Supplied data: Begin

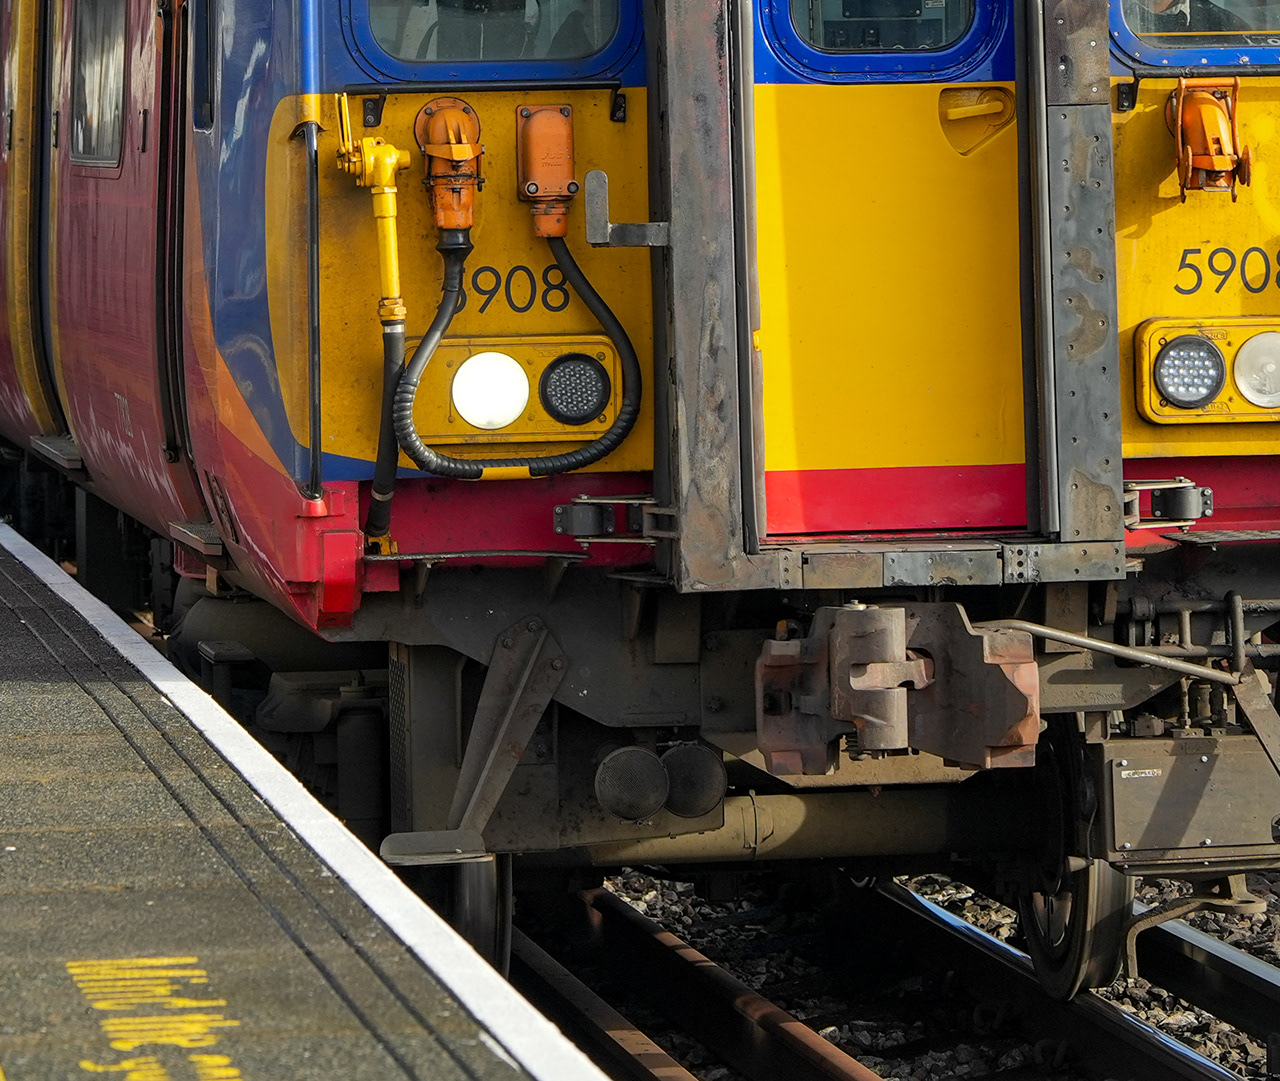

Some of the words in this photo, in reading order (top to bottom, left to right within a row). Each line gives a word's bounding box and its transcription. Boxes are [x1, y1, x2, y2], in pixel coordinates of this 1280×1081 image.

[454, 264, 570, 314] 908
[65, 956, 227, 1010] Mind
[99, 1013, 241, 1052] the
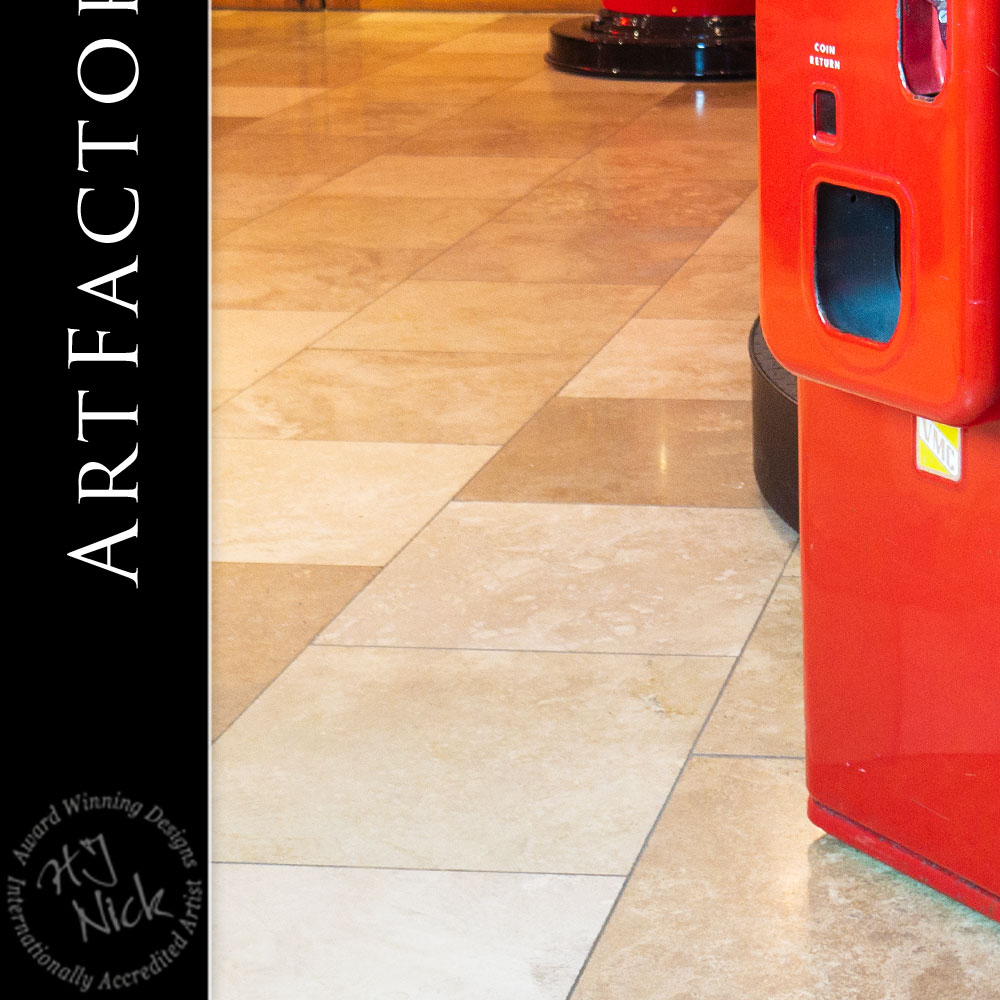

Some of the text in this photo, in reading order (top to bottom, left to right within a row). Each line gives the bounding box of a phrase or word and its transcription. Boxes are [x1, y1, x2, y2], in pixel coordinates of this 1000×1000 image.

[814, 42, 836, 55] COIN
[809, 55, 841, 70] RETURN
[922, 419, 955, 472] VMC
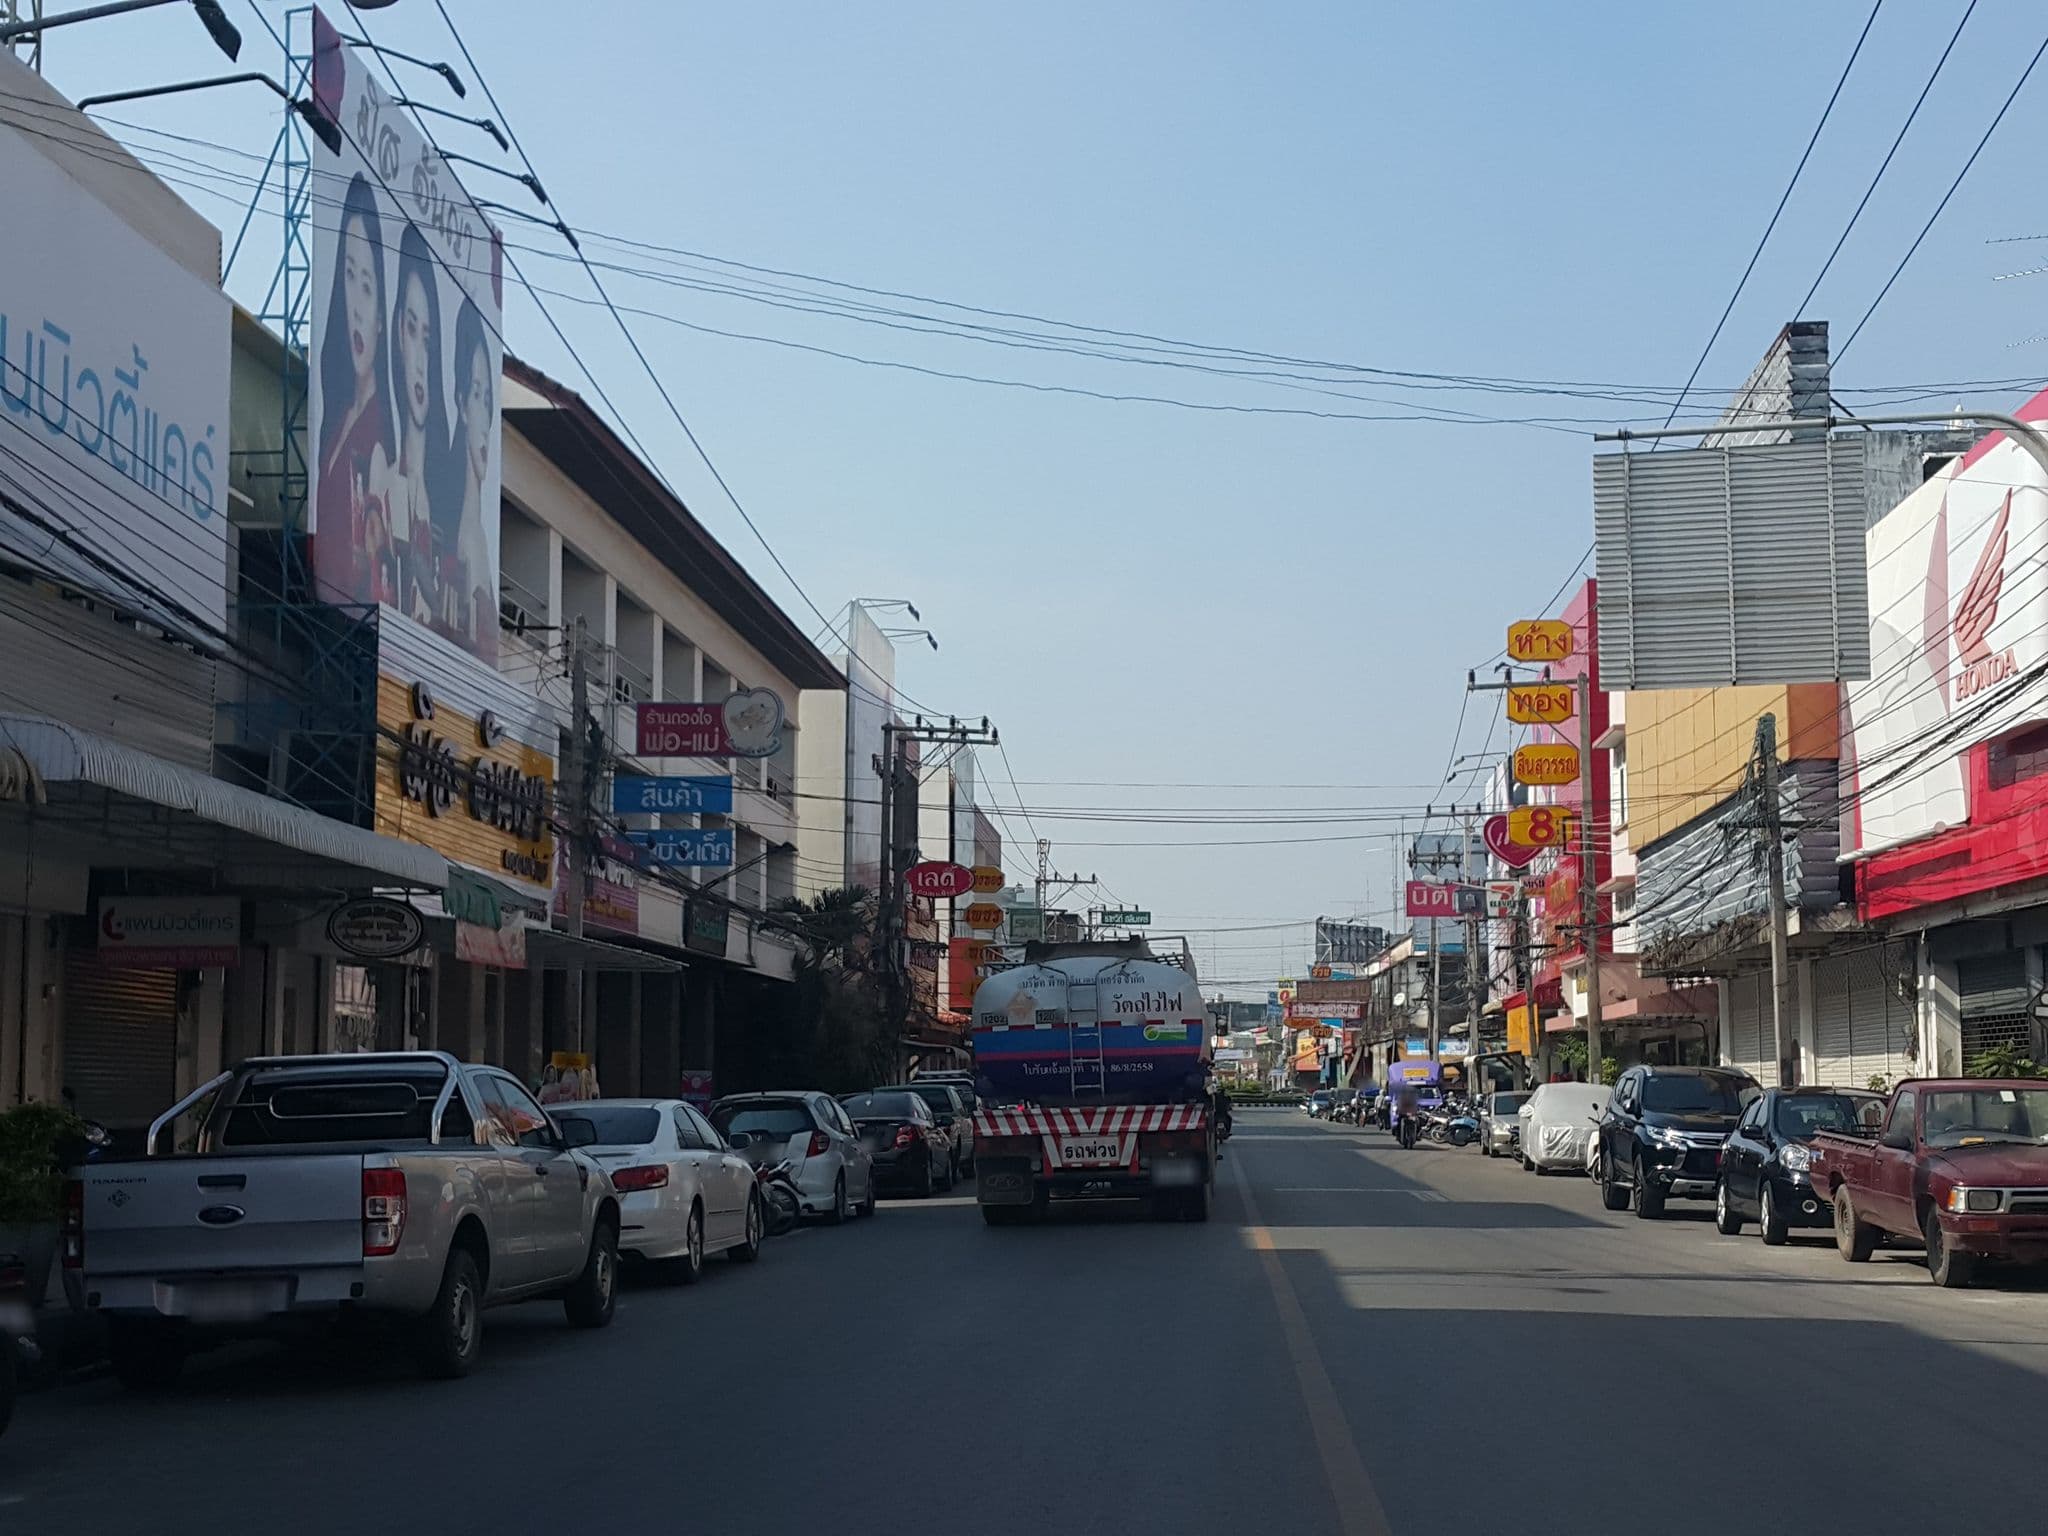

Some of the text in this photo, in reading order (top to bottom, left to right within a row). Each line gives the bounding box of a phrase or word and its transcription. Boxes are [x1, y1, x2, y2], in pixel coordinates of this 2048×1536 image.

[1515, 624, 1568, 654] ห้าง
[1955, 648, 2019, 701] HONDA
[1513, 691, 1568, 713] ทอง
[645, 727, 720, 752] พ่อ-แม่
[640, 781, 703, 808] สินค้า
[1528, 807, 1555, 844] 8
[1112, 991, 1182, 1018] วัตถุไวไฟ
[1064, 1141, 1117, 1159] รถพ่วง
[92, 1176, 147, 1184] RANGER

Supplied data: End

* **Aim of the task**: Exact output of each line above is wanted, without the pictures.

* **Exercise response**:
Some of the words in this photo, in reading order (top to bottom, left to right within a row). Each line gives a word's bounding box and its transcription. Boxes are [x1, y1, x2, y2], in pixel coordinates of this 1280×1081 image.

[454, 264, 570, 314] 908
[65, 956, 227, 1010] Mind
[99, 1013, 241, 1052] the

Some of the text in this photo, in reading order (top to bottom, left to right within a row). Each line gives the bounding box of a phrase or word and its transcription. Boxes are [x1, y1, x2, y2], in pixel coordinates of this 1000×1000 image.

[814, 42, 836, 55] COIN
[809, 55, 841, 70] RETURN
[922, 419, 955, 472] VMC

Some of the text in this photo, in reading order (top to bottom, left to right within a row). Each line gives the bounding box of a phrase or word and its transcription. Boxes are [x1, y1, x2, y2], in pixel coordinates of this 2048×1536 image.

[1515, 624, 1568, 654] ห้าง
[1955, 648, 2019, 701] HONDA
[1513, 691, 1568, 713] ทอง
[645, 727, 720, 752] พ่อ-แม่
[640, 781, 703, 808] สินค้า
[1528, 807, 1555, 844] 8
[1112, 991, 1182, 1018] วัตถุไวไฟ
[1064, 1141, 1117, 1159] รถพ่วง
[92, 1176, 147, 1184] RANGER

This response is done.